The form mentioned above when completed by a shareholder, in case of an open voting at the Extraordinary General Meeting may be used as a voting card for an attorney, provided a shareholder decided on that. In case of a secret voting the completed form may be treated solely as a written direction on the way of voting by an attorney and shall be retained by an attorney. In case an attorney voted using the form, the form shall be delivered to the Chairperson of the Extraordinary General Meeting at the latest before the resolution is voted on. The Chairperson of the Extraordinary General Meeting shall inform the Extraordinary General Meeting on the votes cast with the form and on this basis such vote shall be included in the overall number of votes cast on the resolution. The form used in voting shall be enclosed to the book of minutes.
In case the votes are counted with electronic vote counting devices, a form allowing to vote through an attorney shall not apply.

Information on alternative forms of participation in the Extraordinary General Meeting and exercising voting rights
The Articles of Association of the Company do not allow to participate in the Extraordinary General Meeting and to vote using means of electronic communication.
The Extraordinary General Meeting Rules do not stipulate any possibility to vote at the Extraordinary General Meeting by way of correspondence.

PLACE OF PRESENTING INFORMATION ON THE EXTRAORDINARY GENERAL MEETING
Documentation presented to the Extraordinary General Meeting as well as draft resolutions are available at: http://gnb.pl/walne-zgromadzenie.
The announcement of the Management Board of Getin Noble Bank S.A. of the convocation of the Extraordinary General Meeting are available at: http://en.gnb.pl/walne-zgromadzenie.
All the information regarding the Extraordinary General Meeting is available at: http://en.gnb.pl/walne-zgromadzenie.
The remarks of the Management Board of the Company and of the Supervisory Board of the Company regarding issues included in the agenda of the Extraordinary General Meeting or issues which are to be included in the agenda prior to the Extraordinary General Meeting shall be available on the Company’s website immediately after their preparation.

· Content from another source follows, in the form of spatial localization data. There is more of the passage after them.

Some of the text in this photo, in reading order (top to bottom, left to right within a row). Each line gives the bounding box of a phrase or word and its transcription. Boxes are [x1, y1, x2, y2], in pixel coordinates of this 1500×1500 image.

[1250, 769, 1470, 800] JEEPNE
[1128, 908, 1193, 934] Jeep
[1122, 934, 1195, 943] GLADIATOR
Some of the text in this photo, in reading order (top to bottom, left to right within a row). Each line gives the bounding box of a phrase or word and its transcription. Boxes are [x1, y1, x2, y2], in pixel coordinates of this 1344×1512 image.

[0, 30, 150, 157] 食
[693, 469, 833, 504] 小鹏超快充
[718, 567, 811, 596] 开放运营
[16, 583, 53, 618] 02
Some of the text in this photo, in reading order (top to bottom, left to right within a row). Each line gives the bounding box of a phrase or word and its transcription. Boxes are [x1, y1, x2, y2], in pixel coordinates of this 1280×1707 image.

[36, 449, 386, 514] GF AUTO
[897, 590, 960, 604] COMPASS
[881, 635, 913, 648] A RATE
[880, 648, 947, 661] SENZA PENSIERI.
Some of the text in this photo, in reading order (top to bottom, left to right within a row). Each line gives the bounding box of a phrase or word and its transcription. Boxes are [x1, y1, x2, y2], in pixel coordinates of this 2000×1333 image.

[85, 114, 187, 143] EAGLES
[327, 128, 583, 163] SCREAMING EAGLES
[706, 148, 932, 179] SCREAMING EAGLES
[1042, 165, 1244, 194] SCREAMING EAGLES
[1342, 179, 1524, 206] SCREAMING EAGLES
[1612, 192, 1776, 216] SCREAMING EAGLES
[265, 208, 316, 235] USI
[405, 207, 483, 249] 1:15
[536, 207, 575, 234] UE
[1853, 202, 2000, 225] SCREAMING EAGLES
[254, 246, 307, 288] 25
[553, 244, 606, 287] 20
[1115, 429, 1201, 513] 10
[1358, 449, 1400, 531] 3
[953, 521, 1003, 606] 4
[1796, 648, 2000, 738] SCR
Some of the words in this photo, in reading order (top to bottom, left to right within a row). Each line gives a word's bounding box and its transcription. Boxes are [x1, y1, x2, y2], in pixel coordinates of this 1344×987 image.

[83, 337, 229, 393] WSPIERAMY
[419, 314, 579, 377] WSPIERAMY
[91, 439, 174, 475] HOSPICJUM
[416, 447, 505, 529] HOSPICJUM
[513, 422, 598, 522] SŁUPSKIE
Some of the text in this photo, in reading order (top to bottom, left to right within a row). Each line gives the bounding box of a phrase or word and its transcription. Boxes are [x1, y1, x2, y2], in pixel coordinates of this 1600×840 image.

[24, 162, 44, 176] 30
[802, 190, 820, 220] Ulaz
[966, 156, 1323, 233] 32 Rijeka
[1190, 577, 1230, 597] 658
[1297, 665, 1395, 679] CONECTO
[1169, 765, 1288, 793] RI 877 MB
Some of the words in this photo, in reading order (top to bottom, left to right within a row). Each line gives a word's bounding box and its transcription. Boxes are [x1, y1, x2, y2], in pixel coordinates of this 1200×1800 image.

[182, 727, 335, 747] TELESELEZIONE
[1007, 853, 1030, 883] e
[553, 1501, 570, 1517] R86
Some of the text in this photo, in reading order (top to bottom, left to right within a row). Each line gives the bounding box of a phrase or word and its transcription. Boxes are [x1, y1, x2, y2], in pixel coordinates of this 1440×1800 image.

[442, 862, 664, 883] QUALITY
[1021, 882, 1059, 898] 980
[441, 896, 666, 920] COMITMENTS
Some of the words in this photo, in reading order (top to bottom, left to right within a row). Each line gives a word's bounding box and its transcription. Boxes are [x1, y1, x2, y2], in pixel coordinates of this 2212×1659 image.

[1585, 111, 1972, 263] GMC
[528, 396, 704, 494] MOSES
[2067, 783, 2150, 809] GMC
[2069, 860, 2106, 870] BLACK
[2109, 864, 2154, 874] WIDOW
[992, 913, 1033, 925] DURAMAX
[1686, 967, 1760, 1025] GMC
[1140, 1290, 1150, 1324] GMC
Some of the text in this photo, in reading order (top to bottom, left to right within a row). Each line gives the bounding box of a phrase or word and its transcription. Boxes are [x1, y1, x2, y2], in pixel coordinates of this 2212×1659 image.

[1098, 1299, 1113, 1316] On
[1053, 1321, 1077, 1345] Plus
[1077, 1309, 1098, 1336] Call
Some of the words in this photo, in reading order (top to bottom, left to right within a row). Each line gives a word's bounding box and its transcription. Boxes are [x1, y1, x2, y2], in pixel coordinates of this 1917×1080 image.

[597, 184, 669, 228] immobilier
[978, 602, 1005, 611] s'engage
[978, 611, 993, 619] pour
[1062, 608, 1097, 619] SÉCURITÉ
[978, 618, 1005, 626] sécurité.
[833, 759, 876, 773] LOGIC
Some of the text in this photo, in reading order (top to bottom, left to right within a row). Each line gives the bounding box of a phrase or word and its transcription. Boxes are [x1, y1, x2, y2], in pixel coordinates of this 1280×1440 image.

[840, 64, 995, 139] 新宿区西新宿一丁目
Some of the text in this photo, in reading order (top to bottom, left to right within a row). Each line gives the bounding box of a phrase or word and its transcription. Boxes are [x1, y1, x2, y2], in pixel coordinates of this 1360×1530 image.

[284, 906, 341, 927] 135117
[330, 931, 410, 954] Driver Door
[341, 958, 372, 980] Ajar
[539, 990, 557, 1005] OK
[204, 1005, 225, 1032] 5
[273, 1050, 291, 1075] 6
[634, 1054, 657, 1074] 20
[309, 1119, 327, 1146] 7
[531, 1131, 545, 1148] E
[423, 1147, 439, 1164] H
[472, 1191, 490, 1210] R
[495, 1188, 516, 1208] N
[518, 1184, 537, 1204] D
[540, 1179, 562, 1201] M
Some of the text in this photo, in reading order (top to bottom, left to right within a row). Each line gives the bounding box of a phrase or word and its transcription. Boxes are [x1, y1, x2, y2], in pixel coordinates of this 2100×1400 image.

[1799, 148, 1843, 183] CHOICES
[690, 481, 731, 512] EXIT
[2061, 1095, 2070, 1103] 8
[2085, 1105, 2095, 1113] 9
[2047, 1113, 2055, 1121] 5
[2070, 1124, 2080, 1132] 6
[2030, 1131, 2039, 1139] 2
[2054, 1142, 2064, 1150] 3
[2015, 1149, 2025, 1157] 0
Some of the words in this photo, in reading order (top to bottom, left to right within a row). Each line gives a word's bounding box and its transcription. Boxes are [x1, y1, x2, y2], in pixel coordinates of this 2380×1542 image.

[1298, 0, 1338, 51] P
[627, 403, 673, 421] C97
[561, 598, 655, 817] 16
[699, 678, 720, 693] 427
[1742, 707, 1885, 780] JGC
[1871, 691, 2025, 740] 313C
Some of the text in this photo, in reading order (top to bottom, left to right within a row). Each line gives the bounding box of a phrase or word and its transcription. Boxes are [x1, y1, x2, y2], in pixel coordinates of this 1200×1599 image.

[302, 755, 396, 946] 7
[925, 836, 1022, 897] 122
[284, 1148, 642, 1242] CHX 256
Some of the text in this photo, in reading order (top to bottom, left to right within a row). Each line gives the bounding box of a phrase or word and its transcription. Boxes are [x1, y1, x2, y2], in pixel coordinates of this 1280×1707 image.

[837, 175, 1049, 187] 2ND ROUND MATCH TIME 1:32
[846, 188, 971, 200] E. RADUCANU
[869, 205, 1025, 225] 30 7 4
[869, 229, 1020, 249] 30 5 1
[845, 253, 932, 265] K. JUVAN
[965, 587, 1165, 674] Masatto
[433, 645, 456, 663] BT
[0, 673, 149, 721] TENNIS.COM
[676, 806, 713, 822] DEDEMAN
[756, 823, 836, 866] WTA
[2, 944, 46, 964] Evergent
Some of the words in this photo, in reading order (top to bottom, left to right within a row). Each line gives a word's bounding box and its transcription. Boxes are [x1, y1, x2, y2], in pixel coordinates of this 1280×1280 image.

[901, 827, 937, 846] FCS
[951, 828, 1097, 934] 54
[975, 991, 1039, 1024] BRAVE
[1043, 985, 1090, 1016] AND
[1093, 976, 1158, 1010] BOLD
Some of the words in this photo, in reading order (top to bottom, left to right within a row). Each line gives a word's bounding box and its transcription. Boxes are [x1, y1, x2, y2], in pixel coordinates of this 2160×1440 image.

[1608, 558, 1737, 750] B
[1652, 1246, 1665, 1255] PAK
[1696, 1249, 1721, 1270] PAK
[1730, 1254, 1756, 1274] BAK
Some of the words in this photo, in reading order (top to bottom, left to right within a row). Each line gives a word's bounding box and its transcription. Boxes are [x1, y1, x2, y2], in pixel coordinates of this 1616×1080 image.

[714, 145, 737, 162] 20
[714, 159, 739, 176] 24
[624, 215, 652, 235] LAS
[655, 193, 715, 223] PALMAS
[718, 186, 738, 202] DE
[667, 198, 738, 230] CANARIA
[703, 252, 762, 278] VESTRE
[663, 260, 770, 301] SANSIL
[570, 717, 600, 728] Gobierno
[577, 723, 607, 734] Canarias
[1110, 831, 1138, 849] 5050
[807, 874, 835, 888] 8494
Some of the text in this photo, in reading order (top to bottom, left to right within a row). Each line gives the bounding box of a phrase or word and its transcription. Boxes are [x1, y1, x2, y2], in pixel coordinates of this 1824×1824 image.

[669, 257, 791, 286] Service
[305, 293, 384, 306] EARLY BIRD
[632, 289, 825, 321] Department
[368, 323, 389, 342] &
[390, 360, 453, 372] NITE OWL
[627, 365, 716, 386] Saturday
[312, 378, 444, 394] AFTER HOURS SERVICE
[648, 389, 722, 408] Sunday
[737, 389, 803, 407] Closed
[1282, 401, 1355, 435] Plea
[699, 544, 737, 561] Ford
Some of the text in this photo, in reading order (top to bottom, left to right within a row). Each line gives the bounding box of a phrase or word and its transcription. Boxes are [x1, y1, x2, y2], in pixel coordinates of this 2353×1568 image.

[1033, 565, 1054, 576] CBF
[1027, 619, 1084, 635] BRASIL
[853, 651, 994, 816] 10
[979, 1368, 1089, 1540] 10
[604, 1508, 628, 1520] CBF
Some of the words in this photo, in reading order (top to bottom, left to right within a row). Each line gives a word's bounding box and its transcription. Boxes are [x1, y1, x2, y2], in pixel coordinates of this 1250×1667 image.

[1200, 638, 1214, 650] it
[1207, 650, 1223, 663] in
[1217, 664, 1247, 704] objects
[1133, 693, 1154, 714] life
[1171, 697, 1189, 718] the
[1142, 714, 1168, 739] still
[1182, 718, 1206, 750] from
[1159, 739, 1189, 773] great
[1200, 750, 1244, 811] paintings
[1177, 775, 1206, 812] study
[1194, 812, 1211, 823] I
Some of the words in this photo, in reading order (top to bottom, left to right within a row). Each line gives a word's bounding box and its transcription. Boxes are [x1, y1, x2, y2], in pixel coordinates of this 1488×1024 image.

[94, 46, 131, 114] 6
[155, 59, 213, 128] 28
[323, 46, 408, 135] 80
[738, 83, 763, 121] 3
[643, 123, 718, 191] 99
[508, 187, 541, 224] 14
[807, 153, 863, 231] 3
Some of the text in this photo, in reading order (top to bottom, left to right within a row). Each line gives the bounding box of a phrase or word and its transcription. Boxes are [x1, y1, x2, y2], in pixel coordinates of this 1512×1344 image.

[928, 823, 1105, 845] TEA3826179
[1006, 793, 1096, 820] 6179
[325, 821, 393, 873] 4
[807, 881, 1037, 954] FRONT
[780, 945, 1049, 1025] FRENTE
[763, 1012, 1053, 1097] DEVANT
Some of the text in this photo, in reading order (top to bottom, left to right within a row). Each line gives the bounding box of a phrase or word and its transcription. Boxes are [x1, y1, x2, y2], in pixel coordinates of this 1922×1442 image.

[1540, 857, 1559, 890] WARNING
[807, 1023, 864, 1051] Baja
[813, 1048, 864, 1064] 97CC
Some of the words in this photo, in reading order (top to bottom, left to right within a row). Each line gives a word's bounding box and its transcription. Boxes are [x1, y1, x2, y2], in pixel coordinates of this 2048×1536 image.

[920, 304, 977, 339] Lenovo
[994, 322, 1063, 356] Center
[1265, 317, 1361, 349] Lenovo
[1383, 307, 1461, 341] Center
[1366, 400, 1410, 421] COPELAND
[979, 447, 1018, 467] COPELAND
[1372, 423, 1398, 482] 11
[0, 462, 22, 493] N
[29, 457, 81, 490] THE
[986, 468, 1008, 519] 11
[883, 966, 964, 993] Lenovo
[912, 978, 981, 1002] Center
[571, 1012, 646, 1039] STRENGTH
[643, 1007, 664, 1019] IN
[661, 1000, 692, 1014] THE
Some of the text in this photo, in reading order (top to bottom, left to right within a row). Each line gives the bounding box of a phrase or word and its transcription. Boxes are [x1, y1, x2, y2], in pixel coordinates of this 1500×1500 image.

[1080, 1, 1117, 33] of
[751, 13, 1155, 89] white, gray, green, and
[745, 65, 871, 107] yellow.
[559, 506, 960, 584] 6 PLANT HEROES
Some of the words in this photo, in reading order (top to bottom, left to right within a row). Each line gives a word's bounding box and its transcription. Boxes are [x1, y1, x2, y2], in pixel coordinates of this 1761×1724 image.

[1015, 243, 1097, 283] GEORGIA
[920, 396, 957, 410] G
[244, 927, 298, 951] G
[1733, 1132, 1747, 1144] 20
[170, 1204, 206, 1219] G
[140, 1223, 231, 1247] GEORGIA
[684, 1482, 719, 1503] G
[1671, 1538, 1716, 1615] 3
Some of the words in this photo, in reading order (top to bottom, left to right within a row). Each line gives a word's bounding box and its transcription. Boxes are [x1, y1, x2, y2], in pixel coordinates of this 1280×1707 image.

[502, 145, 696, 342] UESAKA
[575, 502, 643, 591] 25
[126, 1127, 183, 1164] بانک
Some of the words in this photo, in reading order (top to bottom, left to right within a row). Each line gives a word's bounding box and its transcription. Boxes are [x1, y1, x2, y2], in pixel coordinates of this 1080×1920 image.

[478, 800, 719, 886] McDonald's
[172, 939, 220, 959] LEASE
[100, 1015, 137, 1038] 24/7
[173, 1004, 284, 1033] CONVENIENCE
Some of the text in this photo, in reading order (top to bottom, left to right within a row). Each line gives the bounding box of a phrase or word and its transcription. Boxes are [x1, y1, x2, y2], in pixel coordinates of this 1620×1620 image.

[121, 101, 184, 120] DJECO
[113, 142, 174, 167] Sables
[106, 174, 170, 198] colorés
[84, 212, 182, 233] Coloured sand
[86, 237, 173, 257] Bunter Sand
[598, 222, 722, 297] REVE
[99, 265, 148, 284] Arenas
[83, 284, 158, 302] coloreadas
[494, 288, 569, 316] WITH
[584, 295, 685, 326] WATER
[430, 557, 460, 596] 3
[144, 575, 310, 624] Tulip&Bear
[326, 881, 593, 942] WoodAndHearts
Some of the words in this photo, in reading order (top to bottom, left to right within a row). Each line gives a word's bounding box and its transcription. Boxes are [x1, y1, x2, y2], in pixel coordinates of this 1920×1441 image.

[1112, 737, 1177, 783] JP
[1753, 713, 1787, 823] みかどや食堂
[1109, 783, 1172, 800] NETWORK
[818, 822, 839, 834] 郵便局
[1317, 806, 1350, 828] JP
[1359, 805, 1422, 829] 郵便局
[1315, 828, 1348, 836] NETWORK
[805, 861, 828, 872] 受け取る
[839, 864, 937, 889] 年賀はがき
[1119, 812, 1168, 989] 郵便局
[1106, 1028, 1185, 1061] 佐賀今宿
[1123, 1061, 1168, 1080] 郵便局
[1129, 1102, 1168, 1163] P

PROPOSED AMENDMENTS TO THE ARTICLES OF ASSOCIATION OF THE COMPANY
The amendments to the Articles of Association of the Company are introduced in order to adapt the text of the Articles of Association to the types of activities Getin Noble Bank S.A. Some amendments are of editorial nature. The detailed information on the amendments to the Articles of Association of the Company together with the justification is available at: http://en.gnb.pl/walne-zgromadzenie in fold: “Documentation presented to the General Meeting”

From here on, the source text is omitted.